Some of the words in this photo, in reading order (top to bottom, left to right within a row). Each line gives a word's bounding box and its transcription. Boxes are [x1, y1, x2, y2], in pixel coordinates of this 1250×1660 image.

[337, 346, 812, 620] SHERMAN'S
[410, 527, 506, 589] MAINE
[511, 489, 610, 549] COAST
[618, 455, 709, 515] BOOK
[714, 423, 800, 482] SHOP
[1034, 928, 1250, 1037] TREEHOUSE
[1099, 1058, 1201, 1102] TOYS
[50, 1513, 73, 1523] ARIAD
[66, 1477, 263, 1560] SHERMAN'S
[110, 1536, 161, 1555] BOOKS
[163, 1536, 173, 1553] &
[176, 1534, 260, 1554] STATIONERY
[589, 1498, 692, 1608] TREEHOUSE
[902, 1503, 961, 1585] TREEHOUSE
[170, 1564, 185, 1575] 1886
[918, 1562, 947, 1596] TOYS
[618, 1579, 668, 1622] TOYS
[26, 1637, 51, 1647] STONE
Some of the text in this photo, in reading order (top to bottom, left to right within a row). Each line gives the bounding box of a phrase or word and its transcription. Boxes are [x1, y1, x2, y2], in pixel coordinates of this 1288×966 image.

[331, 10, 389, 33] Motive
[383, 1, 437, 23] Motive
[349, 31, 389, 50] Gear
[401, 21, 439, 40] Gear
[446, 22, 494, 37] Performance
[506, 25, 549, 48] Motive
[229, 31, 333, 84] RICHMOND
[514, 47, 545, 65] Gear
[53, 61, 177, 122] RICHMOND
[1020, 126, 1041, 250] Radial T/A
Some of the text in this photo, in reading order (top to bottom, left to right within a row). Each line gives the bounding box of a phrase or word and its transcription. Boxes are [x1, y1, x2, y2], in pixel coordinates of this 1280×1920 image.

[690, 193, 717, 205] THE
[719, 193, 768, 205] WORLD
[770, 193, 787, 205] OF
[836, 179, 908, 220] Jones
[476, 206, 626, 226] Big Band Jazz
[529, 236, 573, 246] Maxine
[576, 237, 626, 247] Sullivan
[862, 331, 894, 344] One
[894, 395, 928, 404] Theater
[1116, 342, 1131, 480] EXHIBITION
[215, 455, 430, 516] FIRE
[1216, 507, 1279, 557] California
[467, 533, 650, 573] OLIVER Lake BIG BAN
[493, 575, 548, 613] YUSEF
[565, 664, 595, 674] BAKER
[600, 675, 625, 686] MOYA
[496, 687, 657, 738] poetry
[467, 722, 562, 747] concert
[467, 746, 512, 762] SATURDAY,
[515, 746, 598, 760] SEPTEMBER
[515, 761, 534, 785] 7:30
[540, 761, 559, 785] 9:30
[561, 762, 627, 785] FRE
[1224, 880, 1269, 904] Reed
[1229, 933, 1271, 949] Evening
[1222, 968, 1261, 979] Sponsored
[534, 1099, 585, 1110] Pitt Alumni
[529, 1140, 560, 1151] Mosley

> PROMPT
Beginning at the line containing "this 1280×1920 image.", output exactly each line up to and including the last line of the material above.

> FINAL ANSWER
Some of the text in this photo, in reading order (top to bottom, left to right within a row). Each line gives the bounding box of a phrase or word and its transcription. Boxes are [x1, y1, x2, y2], in pixel coordinates of this 1280×1920 image.

[690, 193, 717, 205] THE
[719, 193, 768, 205] WORLD
[770, 193, 787, 205] OF
[836, 179, 908, 220] Jones
[476, 206, 626, 226] Big Band Jazz
[529, 236, 573, 246] Maxine
[576, 237, 626, 247] Sullivan
[862, 331, 894, 344] One
[894, 395, 928, 404] Theater
[1116, 342, 1131, 480] EXHIBITION
[215, 455, 430, 516] FIRE
[1216, 507, 1279, 557] California
[467, 533, 650, 573] OLIVER Lake BIG BAN
[493, 575, 548, 613] YUSEF
[565, 664, 595, 674] BAKER
[600, 675, 625, 686] MOYA
[496, 687, 657, 738] poetry
[467, 722, 562, 747] concert
[467, 746, 512, 762] SATURDAY,
[515, 746, 598, 760] SEPTEMBER
[515, 761, 534, 785] 7:30
[540, 761, 559, 785] 9:30
[561, 762, 627, 785] FRE
[1224, 880, 1269, 904] Reed
[1229, 933, 1271, 949] Evening
[1222, 968, 1261, 979] Sponsored
[534, 1099, 585, 1110] Pitt Alumni
[529, 1140, 560, 1151] Mosley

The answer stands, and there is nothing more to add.